Por un momento ninguno dijo nada más, parecía que la comunicación se hubiera cortado. Luego se oyó:
—¿Con tu ex? ¿Por qué motivo?
—Creo que ha cambiado. Hemos estado hablando, y la verdad es que parece alguien totalmente distinto. Como si fuese otra persona. Creo que esta vez es sincero y voy a darle una oportunidad.
—No lo entiendo. Hace sólo unos días decías que te estaba haciendo la vida imposible. Yo habría estado dispuesto a romperle todos los huesos por ti… —Intentó encenderse un cigarrillo, pero no logró hacerlo con una sola mano y el temblor de su pulso—. Te estás equivocando. Carlota y tú os estáis equivocando. Las dos… No tiene ningún sentido volver con un ex.
—Pero, Xavier —lo interrumpió—, ¿cómo no te das cuenta? Tú eres el ex.
A lo lejos, apenas iluminado por el turbio resplandor de la ciudad, vio un nuevo hombre caer desde lo alto de otro edificio hasta desaparecer en la profundidad de la calle. Se llevó la mano al abdomen y apretó con fuerza. Sabía perfectamente cómo sonaban aquellos cuerpos al estrellarse en el suelo. Tenía grabado el sonido de su crujido en la memoria. Sabía cómo se desparramaban sus vísceras. Cómo salpicaban. Cerró la ventana y echó las cortinas. Dejó el móvil sobre la cama. No se había despedido de Helena. No quería seguir escuchando aquello. Se sentía incapaz de seguir escuchando la verdad. Se sentó y se pasó los dedos abiertos por el pelo, presionándose el cráneo. Él era el ex. Era cierto. Él era el extraño, la pieza sobrante, el intruso. Aquello lo cambiaba todo.
Tenía que hablar con Carlota.
Levantó una vez más el aparato y marcó el número de su exmujer. Todavía no sabía si para pedirle disculpas, o para decirle que Lucas estaba bien y revelarle dónde se encontraban, o para despedirse. Pero el estómago pareció llenársele de perforaciones cuando la voz robotizada de aquella operadora, que él conocía tan bien, le informó con las mismas palabras de siempre de que el número marcado no existía.
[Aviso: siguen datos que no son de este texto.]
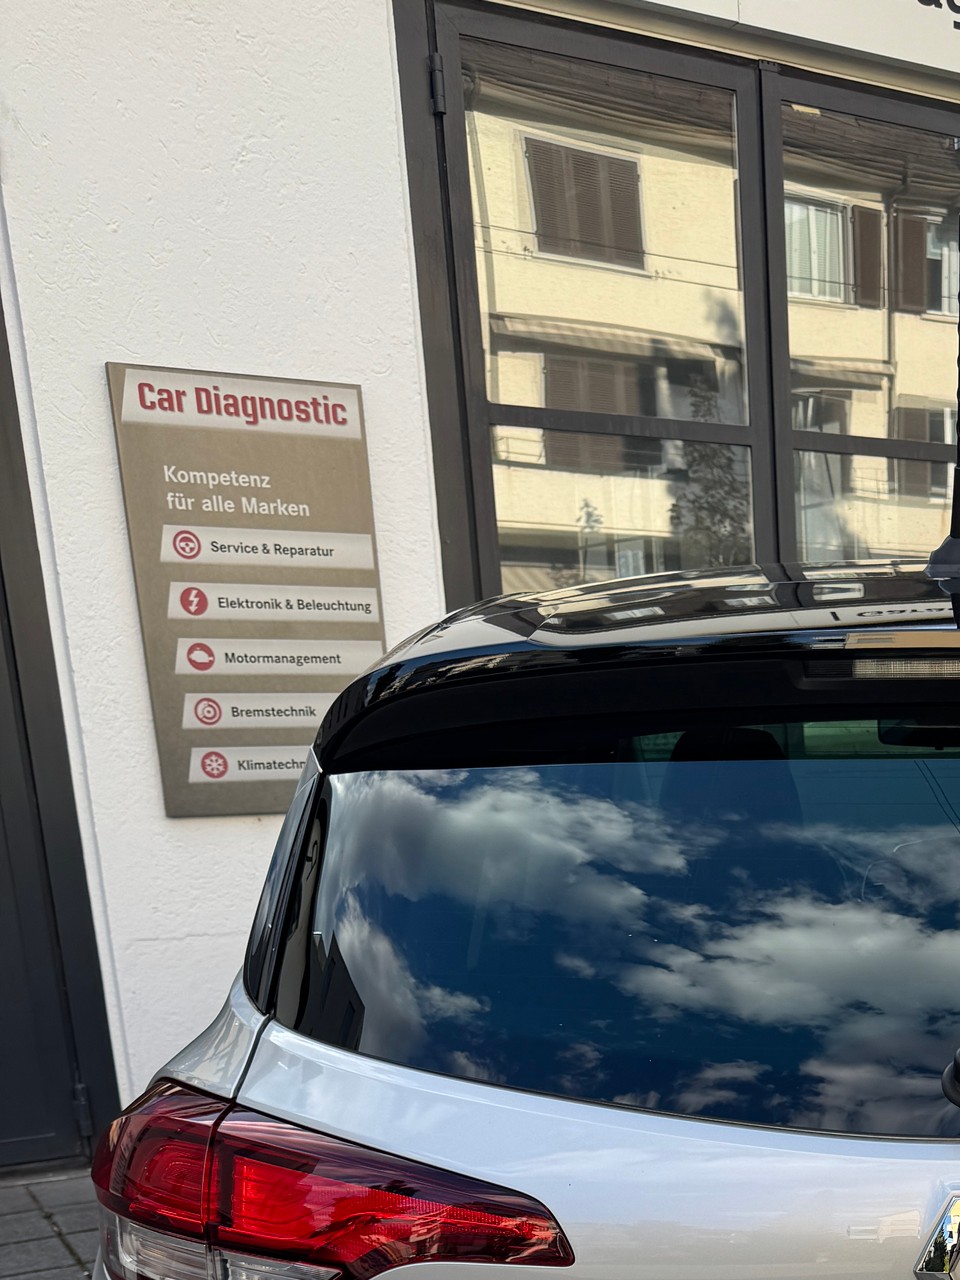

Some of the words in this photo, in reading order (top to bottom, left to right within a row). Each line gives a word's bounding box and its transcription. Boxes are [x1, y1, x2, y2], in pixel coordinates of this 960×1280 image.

No habría sabido calcular cuánto tiempo permaneció allí sentado, paralizado, pensando que ya nunca más podría hablar con su exmujer. Después de tantos años. Ya nunca más volvería a hacerlo, como nunca consiguió hablar con André. Porque ni una sola vez en todo ese tiempo había podido mantener ni el más mínimo diálogo con aquel hombre, a pesar de lo mucho que habían compartido. Ambos habían vivido y padecido una situación inaudita, prodigiosa, que nadie salvo ellos dos podría comprender, y no habían intercambiado ni una sola palabra. Ni siquiera tuvo la ocasión de dejarle un mensaje, como acababa de hacer en el contestador automático de Eduardo Campra. Y entonces lo vio. Lo había tenido todo el tiempo delante de las narices. Cómo no lo había visto antes. Se levantó de la cama. No entendía cómo siendo algo tan sencillo no se le había ocurrido hasta ese momento. Caminó hacia el cuarto de baño. No quería despertar a su hijo. Encendió una luz y se encerró dentro. Una vez allí, se colocó en el centro de las cuatro paredes, miró hacia el techo y comenzó a hablar en voz alta.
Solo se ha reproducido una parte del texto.